Why Innovation in Academic Publishing Is Essential
by Mark Hahnel
Massive congratulations to PeerJ who took the award for (amongst other things), their innovative approach aiming to bring the cost of open access scholarly publishing down as low as it can go.
When I was an academic, I wasn’t that aware of innovation in the publisher space. I saw that there were some aesthetic improvements, but nothing too far from the traditional publication process that has seen academia disseminated in paper documents for 400 years. However I was wrong. It appears that academic publishers can be the ones initiating change in this space, much like the library often pioneers change at the institutional policy level. Publishers are not scared to push boundaries, with examples such as Nature Precedings and the recently announced Peer Review Consortium.
Since figshare was formulated nearly 2 years ago, there has been massive innovation in this space,
including but not limited to:
- Altmetrics: Fellow ALPSP award nominee Altmetric has had large uptake with publishers as ImpactStory and Plum Analytics focus on individual researchers.
- Open peer review: PubPeer has recently gained the most prominence in this space when a reviewer spotted an error in the much talked about Human Embryonic Stem Cells Derived by Somatic Cell Nuclear Transfer paper.
- Pre-print services: As well as figshare’s ability to host preprints, we have seen biologist begin to use arXiv and PeerJ Preprints.
- Document management tools: Readcube gaining big traction to add to Papers, Zotero and Mendeley.
There have been previous debates on why open access is important, how people are not getting new information quick enough due to a lack of access to the latest literature and even going as far as stating that people are dying as a result. This is obviously very hard to quantify. One thing that is not hard to quantify is the following:
On January 6, 2011, Aaron Swartz was arrested by MIT police on state breaking-and-entering charges, after systematically downloading academic journal articles from JSTOR. For those who don’t know, Aaron played a big part in the formation of Creative Commons (whose licenses figshare use), as well as several other well known technologies such as RSS feeds and Reddit. For downloading academic papers, federal prosecutors later charged him with two counts of wire fraud and 11 violations of the Computer Fraud and Abuse Act, carrying a cumulative maximum penalty of $1 million in fines, 35 years in prison, asset forfeiture, restitution and supervised release. On January 11, 2013, two years after his initial arrest, Aaron was found dead in his Crown Heights, Brooklyn apartment, where he had hanged himself.
Again, it can not be assumed that the one thing came about because of the other. However, there are few who can argue that these charges would not hugely affect the mental state of a 24 year old. He believed open access in academia was a human rights issue:
“The world’s entire scientific ... heritage ... is increasingly being digitized and locked up by a handful of private corporations... The Open Access Movement has fought valiantly to ensure that scientists do not sign their copyrights away but instead ensure their work is published on the Internet, under terms that allow anyone to access it.”
Luckily the tipping point has come with open access. It is now law that all research funded with public money in the UK must be made openly available to all. The White House has followed suit and mandates are drawing closer and closer in the States. This combined with the digitisation of research that Aaron referred to are two of the biggest drivers for this innovation in the academic publishing space. Open access has taken the money out of the hands of the institutions (to some extent) and into the hands of the academics. This shift in power has led to publishers focussing their attentions on the authors. This is where academia in general is benefitting. By working with tools such as the ones figshare can provide, researchers are able to disseminate their content in the format it was produced. They can publish large amounts of data and get credit whilst at the same time adhering to new open data mandates. All in all this gives academics more time to do what they do best, research.

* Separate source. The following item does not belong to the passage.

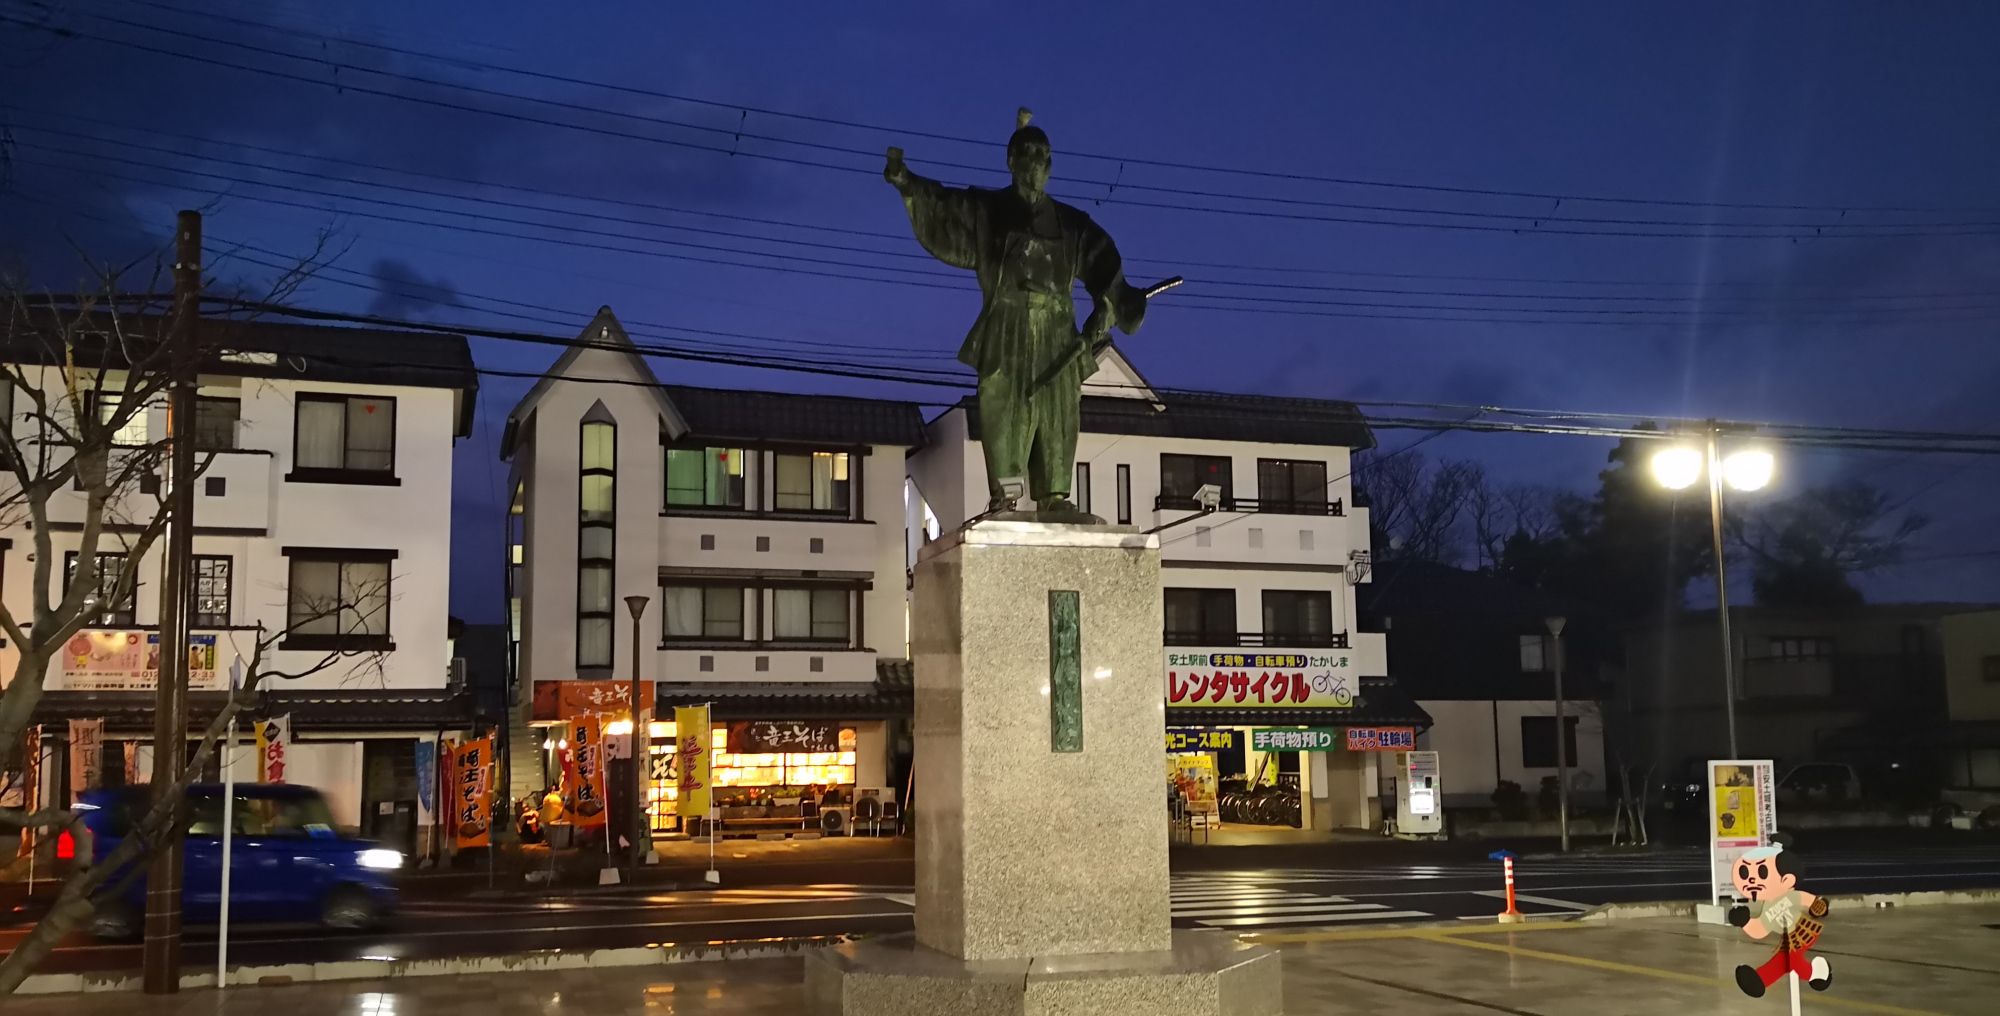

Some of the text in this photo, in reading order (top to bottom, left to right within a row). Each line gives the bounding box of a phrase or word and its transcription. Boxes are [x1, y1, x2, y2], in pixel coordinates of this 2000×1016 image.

As with all things in a time of transition, there will be further innovation as certain tools become part of a researchers workflow and other fall away. The key to success here seems to be with those tools that make the lives of the stakeholders easier, whether its an easier publishing submission system, or an interface that helps researchers provide better reporting on the output of their impacts to funders. What is clear is that the publishers are helping to lead in this innovation, through models such as Digital Science, PLOS labs and SciVerse. Long may it continue, so this space is never again left with blood on their hands due to a resistance to change for societal good.